- _WHAT YOU HAVE TO DO_:
In the entries that follow, repeat exactly the lines from the one that has "this 1280×960 image." through the one that has "this 1500×1333 image.", but omit pictures.

- _STUDY MATERIAL_:

━━━━━━━━━━━━━━━━━━━━━━━━━━━━━━

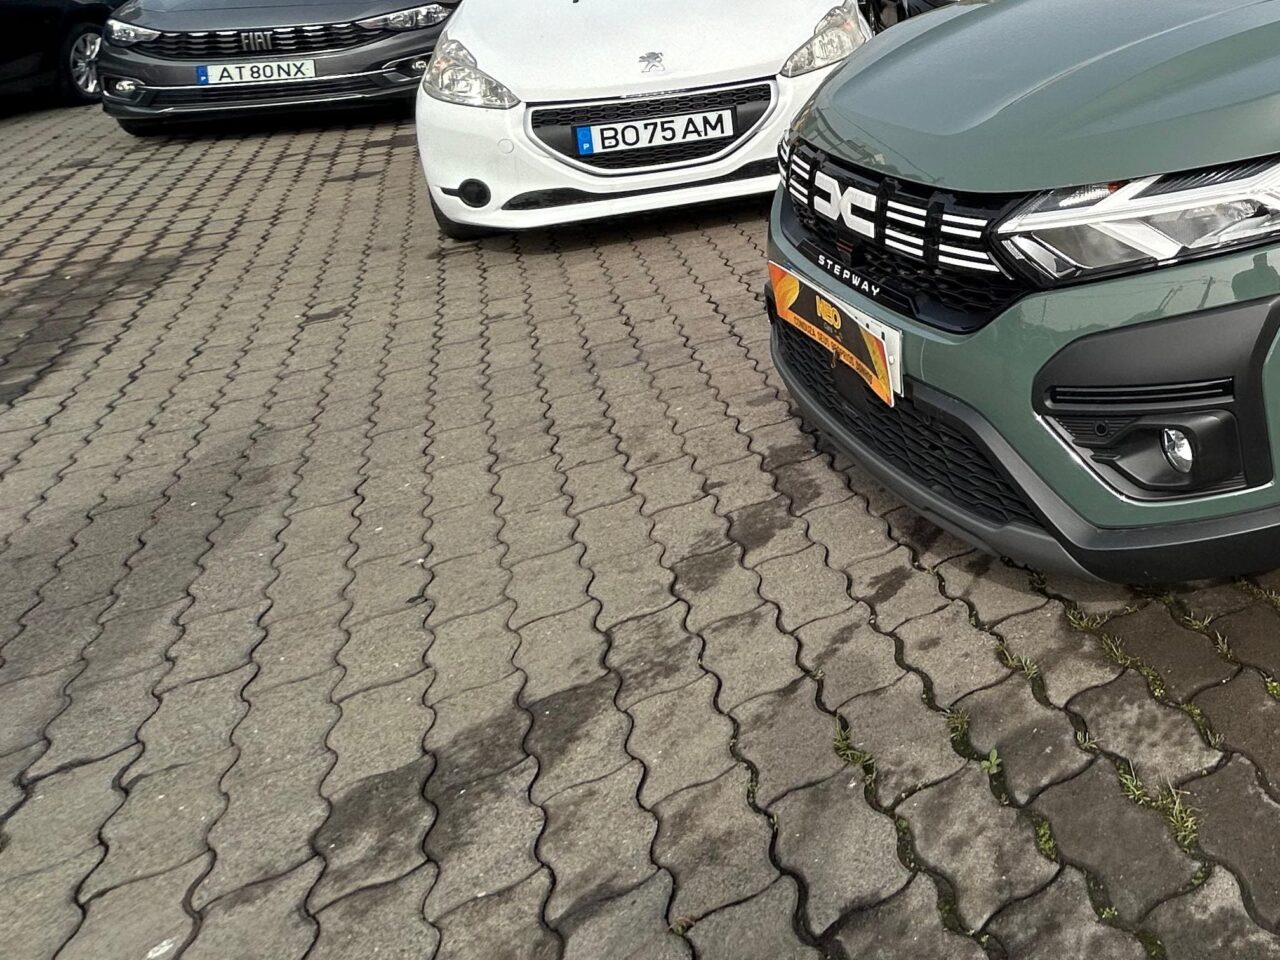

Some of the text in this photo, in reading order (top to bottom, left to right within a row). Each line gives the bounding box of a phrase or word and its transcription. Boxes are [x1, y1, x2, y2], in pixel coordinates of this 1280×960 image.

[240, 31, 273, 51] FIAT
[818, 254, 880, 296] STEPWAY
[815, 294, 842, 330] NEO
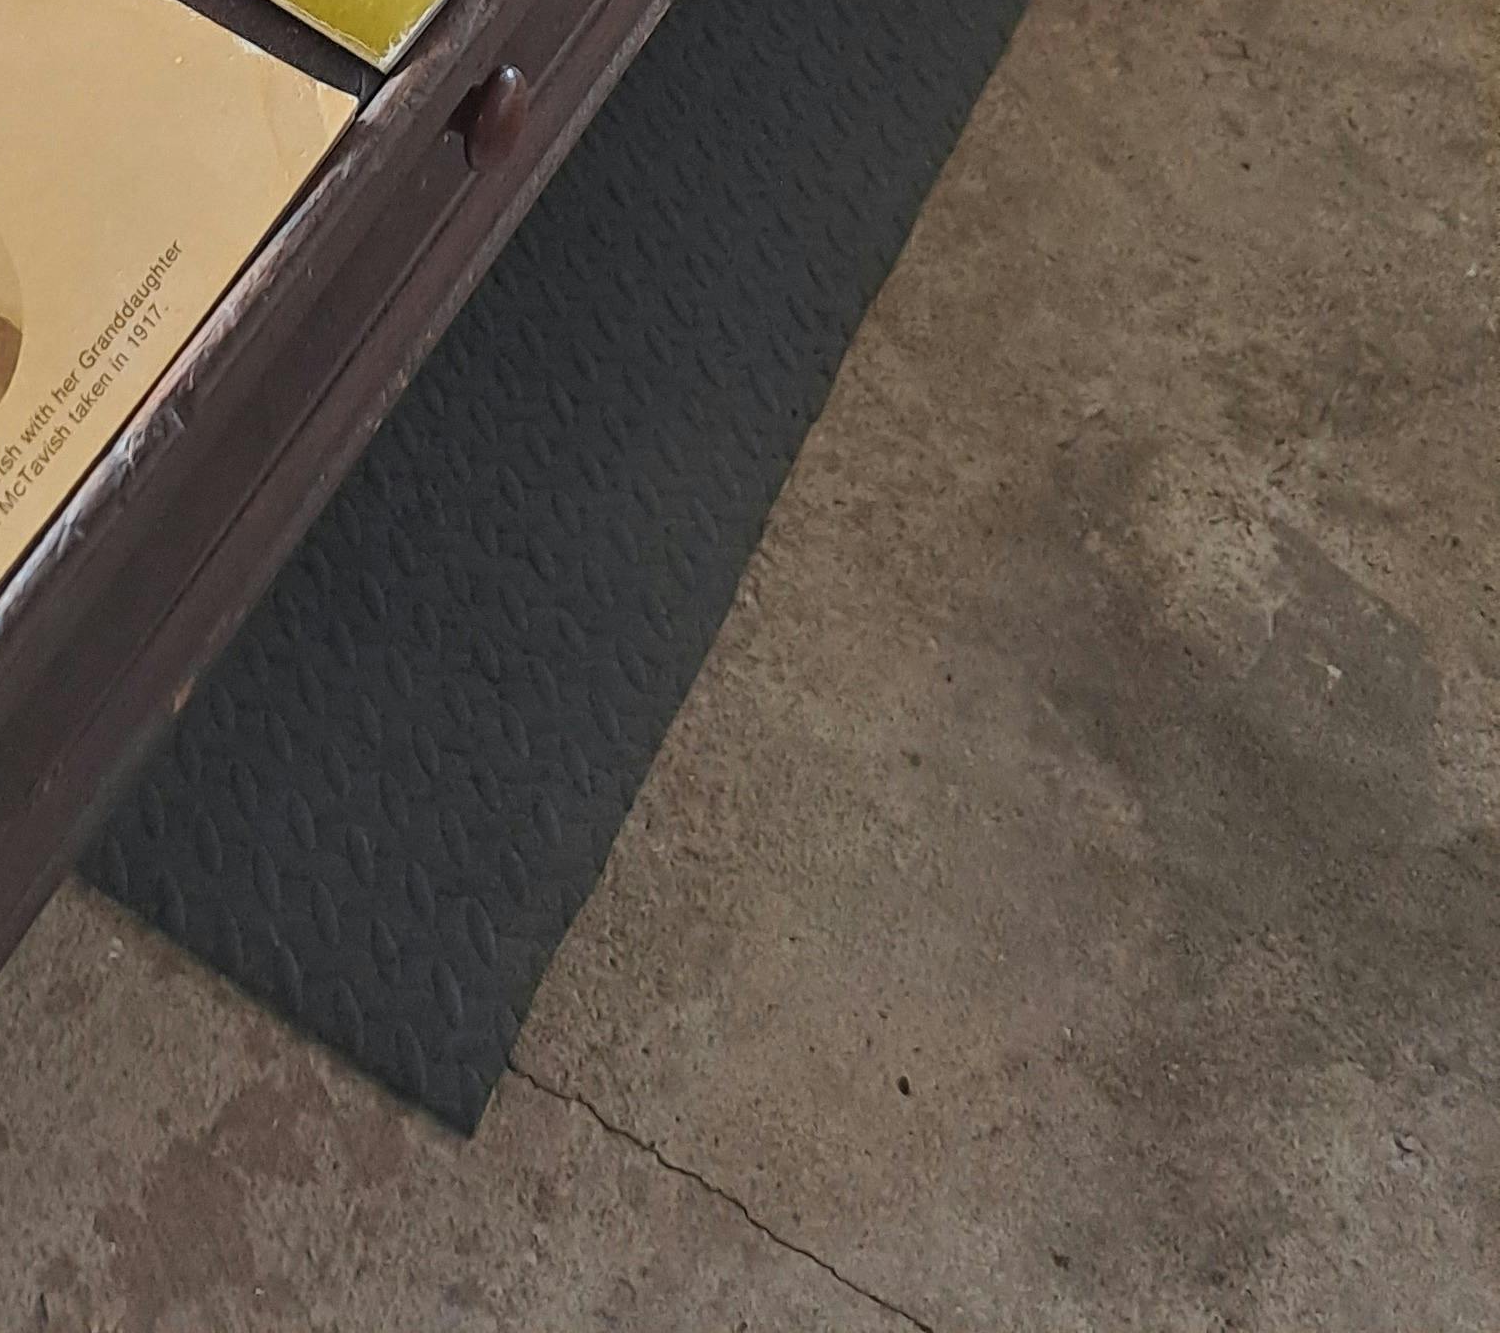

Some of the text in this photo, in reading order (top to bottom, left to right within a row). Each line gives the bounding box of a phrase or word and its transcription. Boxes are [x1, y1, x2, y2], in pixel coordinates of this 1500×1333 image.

━━━━━━━━━━━━━━━━━━━━━━━━━━━━━━

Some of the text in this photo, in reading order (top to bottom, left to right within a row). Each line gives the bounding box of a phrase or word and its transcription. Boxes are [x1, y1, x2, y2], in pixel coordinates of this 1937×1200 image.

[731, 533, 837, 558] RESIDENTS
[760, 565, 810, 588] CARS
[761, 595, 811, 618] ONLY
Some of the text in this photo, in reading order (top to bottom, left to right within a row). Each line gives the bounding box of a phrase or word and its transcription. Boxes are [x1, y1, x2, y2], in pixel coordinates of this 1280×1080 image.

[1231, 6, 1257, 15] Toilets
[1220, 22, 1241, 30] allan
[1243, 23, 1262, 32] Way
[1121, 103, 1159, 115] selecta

━━━━━━━━━━━━━━━━━━━━━━━━━━━━━━

- _WRITTEN SOLUTION_:
Some of the text in this photo, in reading order (top to bottom, left to right within a row). Each line gives the bounding box of a phrase or word and its transcription. Boxes are [x1, y1, x2, y2], in pixel coordinates of this 1280×960 image.

[240, 31, 273, 51] FIAT
[818, 254, 880, 296] STEPWAY
[815, 294, 842, 330] NEO

Some of the text in this photo, in reading order (top to bottom, left to right within a row). Each line gives the bounding box of a phrase or word and its transcription. Boxes are [x1, y1, x2, y2], in pixel coordinates of this 1500×1333 image.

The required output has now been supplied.